What is perhaps less obvious is the inevitability of the
contradiction within the framework of the modern world as created by the
bourgeois democratic ideals given the separation between the
“political” and the “economic”.
The fact that the sovereignty of third world states exists merely
as an ideal is no coincidence.
It is the very essence and reflection of the contradiction between
the “economic” and the “political” in bourgeois ideology.
The
attempt to resolve this contradiction has given rise to endless debate
between academics about the exact meaning and definition of sovereignty.
The apparent “fierce” debate in the international relations
field, the countless references to the treaty of Westphalia 1648, and so
on, are centered around the concern to bring the concept of sovereignty
in line with the practice of international relations in a world marked
by a high degree of economic inequality.
In other words, the debate about sovereignty is an attempt to
define and redefine the concept of sovereignty in order to resolve the
contradiction created by the divorce between the “economic” and
“political” on the one hand. And
to resolve the contradiction between the ideals of sovereignty
and the reality of twenty first century global capitalist imperialism
by a redefinition of concepts. The
notion that these contradictions can be resolved by reference to history
or changing the meaning of words, that is by an ideological reconstruction
and not by political practice, is the fetishism of the intellectual or his
or her false consciousness. The
contradictions have arisen from the very nature of the system and can
therefore only be resolved by a fundamental change in the structure of
society. A fundamental change that has become a material demand owing
to the fact that, on the one hand, bourgeois society has mobilized and
awoken the “peoples” of the world to the new concept of equality.

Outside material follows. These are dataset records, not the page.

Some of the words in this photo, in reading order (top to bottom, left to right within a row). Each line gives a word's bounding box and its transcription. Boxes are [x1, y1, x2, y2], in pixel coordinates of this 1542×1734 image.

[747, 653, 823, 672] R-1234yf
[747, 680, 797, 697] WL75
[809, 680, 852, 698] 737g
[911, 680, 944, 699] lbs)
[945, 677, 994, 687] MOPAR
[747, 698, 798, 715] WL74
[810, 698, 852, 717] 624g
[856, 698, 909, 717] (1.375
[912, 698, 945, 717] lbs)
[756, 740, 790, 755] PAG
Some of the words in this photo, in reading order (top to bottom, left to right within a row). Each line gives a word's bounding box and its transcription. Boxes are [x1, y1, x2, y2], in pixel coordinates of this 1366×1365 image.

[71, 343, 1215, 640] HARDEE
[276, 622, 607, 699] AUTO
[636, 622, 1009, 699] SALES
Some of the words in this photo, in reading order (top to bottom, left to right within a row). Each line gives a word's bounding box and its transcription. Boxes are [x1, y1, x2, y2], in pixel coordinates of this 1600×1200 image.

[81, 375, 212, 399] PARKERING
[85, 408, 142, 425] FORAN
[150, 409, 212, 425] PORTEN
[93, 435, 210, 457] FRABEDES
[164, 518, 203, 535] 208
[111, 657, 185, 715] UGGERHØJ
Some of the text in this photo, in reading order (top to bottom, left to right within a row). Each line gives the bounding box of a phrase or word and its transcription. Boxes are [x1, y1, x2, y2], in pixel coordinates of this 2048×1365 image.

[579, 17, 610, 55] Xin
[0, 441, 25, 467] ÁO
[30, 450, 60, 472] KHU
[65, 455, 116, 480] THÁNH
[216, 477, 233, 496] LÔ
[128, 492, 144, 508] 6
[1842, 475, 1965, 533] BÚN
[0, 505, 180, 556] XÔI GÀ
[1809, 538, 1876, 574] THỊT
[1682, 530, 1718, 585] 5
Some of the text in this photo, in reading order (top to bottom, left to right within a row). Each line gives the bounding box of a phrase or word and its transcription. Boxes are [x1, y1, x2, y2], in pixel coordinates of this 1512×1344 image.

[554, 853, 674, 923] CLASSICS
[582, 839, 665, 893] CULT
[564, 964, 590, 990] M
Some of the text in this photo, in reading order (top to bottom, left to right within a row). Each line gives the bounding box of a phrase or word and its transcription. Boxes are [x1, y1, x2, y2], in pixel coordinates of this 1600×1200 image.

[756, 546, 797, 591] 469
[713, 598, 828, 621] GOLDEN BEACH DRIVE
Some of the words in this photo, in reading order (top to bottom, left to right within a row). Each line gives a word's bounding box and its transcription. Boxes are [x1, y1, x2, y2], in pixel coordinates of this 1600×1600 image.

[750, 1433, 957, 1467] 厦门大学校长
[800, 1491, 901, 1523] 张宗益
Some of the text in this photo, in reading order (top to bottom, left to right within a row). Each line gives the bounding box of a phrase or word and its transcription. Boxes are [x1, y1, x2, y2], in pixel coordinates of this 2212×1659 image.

And on the other hand, the bourgeoisie is attempting to quell this
new idea and consciousness in order to maintain the rule of private
property.
In
conclusion, the rule of private property, which I have been referring to
as economic inequality, undermines the ability of the system to deliver
the goods of political equality between classes and full sovereignty
between states. Only with the
full realization of equality, including economic equality for the
individual and for all nations and states of the world can there be full
political equality. The bourgeoisie democratic revolutions have awoken the
sleeping giant of equality. Having
awoken it, they can not now make it go back to sleep.
Bibliography
Jackson,
Robert H., 1990, Quasi-States:
Sovereignty, International Relations and the Third World, Cambridge
University Press.
James,
Alan, Sovereign Statehood
Lenin,
V. I., 1965, Imperialism: the Highest Stage of Capitalism, Peoples Publishing
House Peking.
Waltz,
Kenneth, 1979, Theory of International Politics, Oxford University Press.
Weber,
Cynthia and Biersteker, Thomas J., 1996, State
Sovereignty as Social Constructs, Cambridge University Press.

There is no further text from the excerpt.